Staying Quiet to Break Silence
Santa Barbara High School Students Fight Gay Violence
Friday, May 2, 2008
Walk into Santa Barbara High at lunch and be hit by noise: yelling, singing, chatting, and arguing deriving from all areas of campus. However, last Friday, things were considerably more quiet.
The day began with a single table in the main hall and two students silently standing behind it. Hundreds of students swarmed past on their way to first period, wondering what was happening that day. Some backtracked, dragging their friends by the hand, some approached, and others walked silently away. The table was in honor of the National Day of Silence and the struggles of anti-gay voices in school.
It’s difficult to forget the violent death of 15-year-old student Lawrence King earlier this year, often attributed to his sexual orientation and how he expressed it. King was just one victim of many who have been affected by anti-gay hate crimes. As a result, the Gay, Lesbian and Straight Education Network (GLSEN) declared the National Day of Silence to be held in his memory. In its 11th year, the event brings together students from across the nation to call attention to the “silence” of LGBTQ (Lesbian, Gay, Bisexual, Transgender, Queer/Questioning) youth who face harassment and violence at school.
By Amy Chong
Santa Barbara High School students participating in National Day of Silence.
The National Day of Silence has taken place at Santa Barbara High School for years, even though the school’s Gay-Straight Alliance Club mysteriously disappeared years ago. Although most staff and faculty have been overwhelmingly supportive of the cause, their support does not generate understanding or acceptance among students. Often students share anti-gay epithets, gossip, and inappropriate jokes, a few even taunting and proudly telling stories of ganging up on LGBTQ youth and their allies. In the past, the club Future Leaders of America led the project to end anti-gay harassment at SBHS by holding assemblies, passing out participatory ribbons, and advertising the event. This year, the club Dons For Change took on the responsibility.

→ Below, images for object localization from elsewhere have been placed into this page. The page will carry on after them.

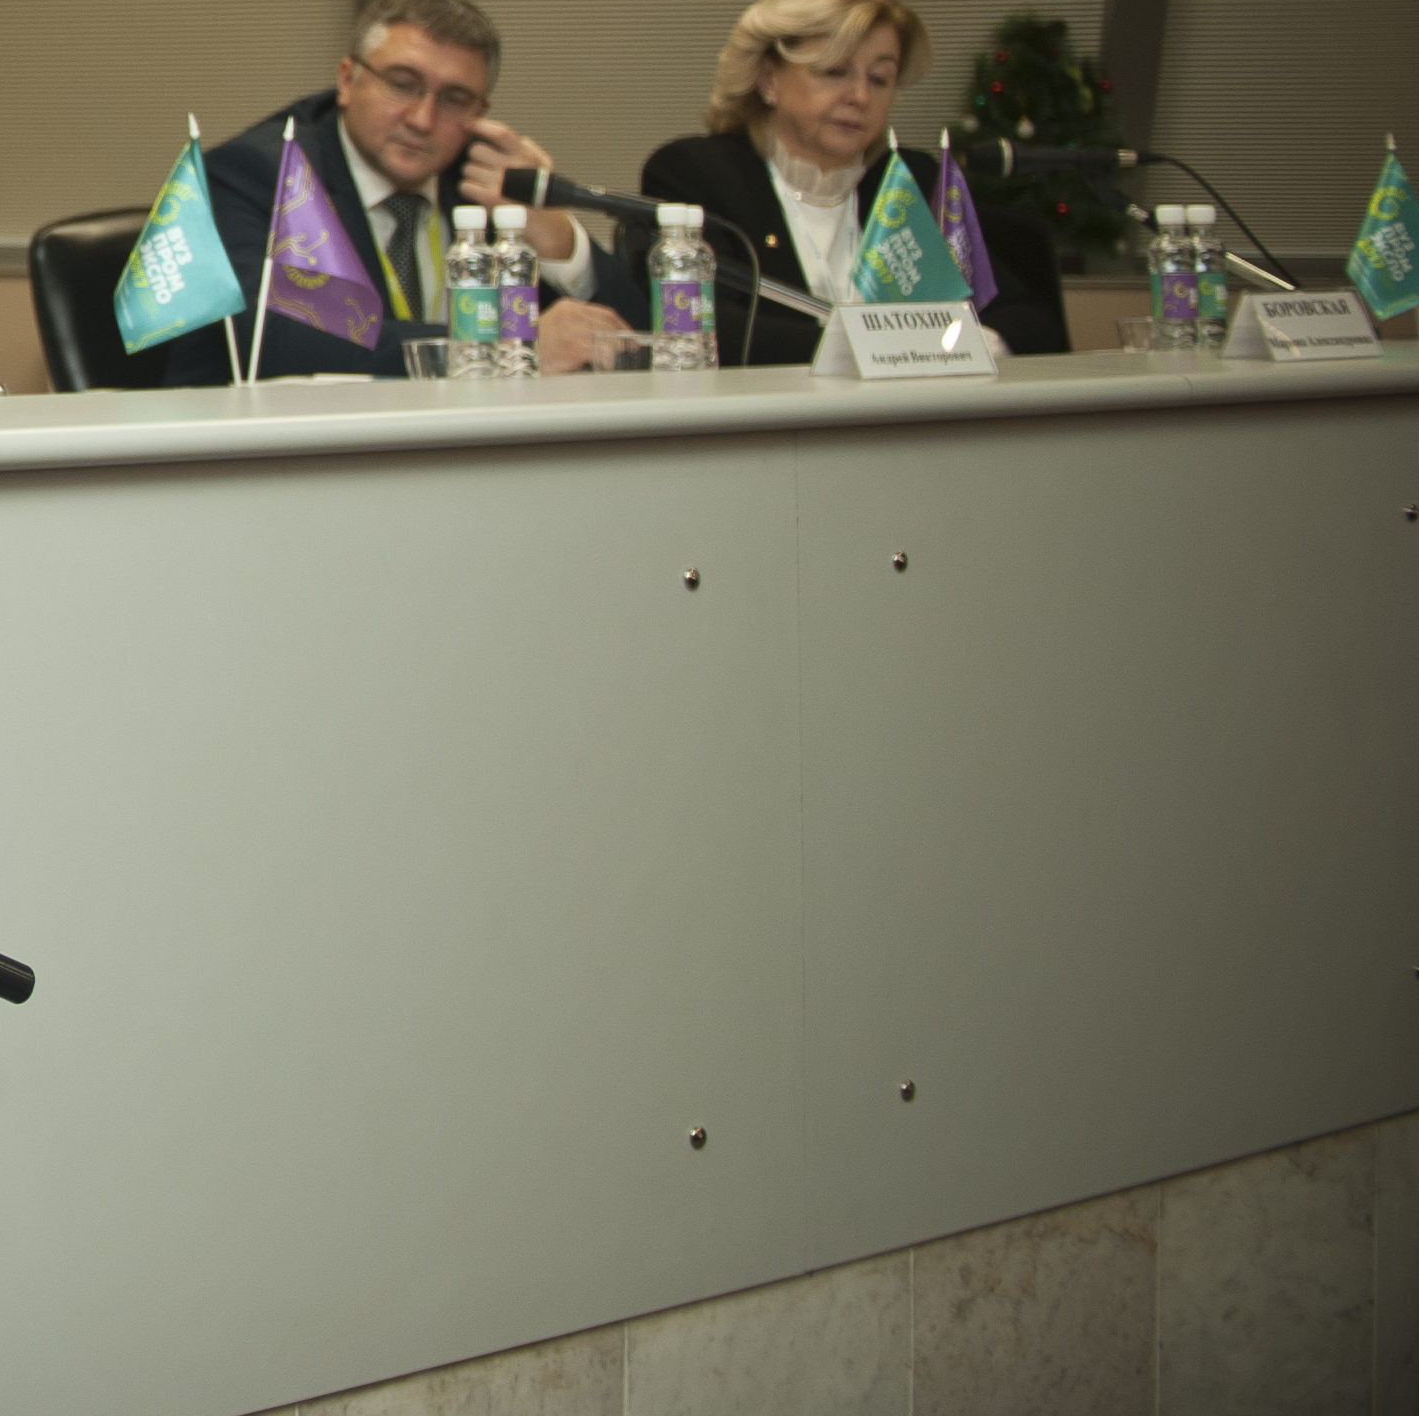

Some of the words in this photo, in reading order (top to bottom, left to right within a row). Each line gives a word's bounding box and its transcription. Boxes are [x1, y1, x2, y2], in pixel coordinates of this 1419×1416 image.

[152, 232, 185, 293] ПРОМ
[166, 226, 193, 265] ВУЗ
[140, 240, 172, 305] ЭКСПО
[862, 310, 954, 331] ШАТОХИН
[1263, 298, 1352, 317] БОРОВСКАЯ
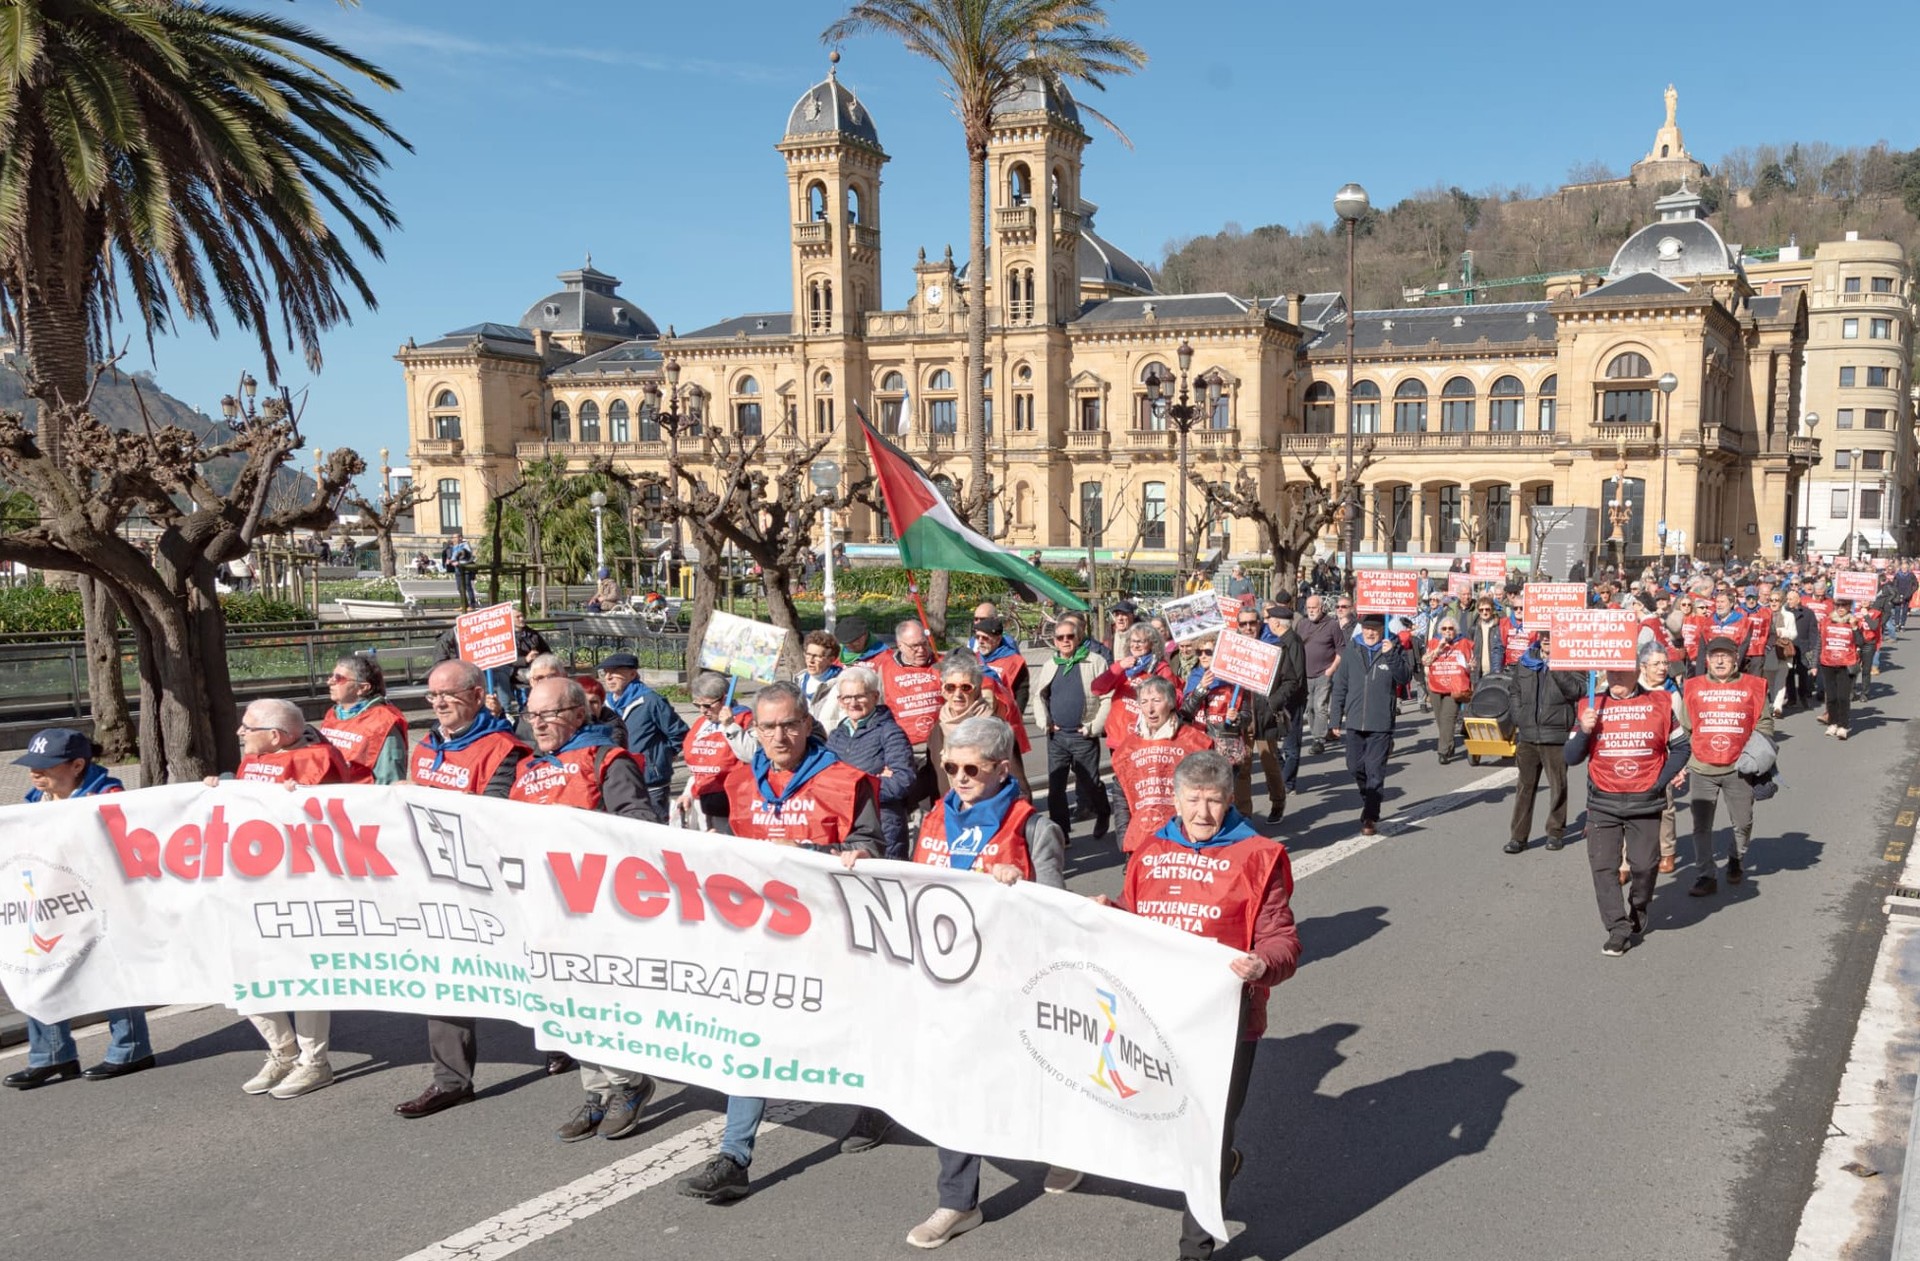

Shortly before lunch, four students stood in the middle of the grassy quad, silent and upset. A bewildered assistant principal and custodian stood in front of them confusedly holding several cones and caution tape. The students furiously used cell phone keyboards, notepads, and frantic gesturing in an attempt to communicate their needs. With time, the club finished setting up a “Silent Picnic,” providing a supportive place for students participating in the Day of Silence to spend lunch.
By Amy Chong
A poster explaining National Day of Silence
When the bell rang at the start of lunch, students poured out of classrooms and openly stared. A small square of grass smack in the middle of the quad protected a few students inside. Skeptical and curious, students dropped by to understand what was going on, spreading the word. As lunch continued, more and more students drifted into the silent zone, eating silently, playing chess, and listening to music. Teachers dropped by for encouragement, counselors ate lunch inside, and staff protected students from any disrespectful behavior. Luckily, there were close to none.
It goes without saying that many students disagreed with the Day of Silence because they believed it was pointless, even though they supported the cause. However, seeing first-hand the number of students who stopped to read the sign, the number of those who showed up at lunch, and the number of people who acknowledged the issue at all, I would say that the day was a success. Like all problems in our society that are often only brought up once a year or every few months, LGBTQ harassment happens everyday. Last Friday was only a stepping stone for youth to show support for the issue, finally “breaking the silence.”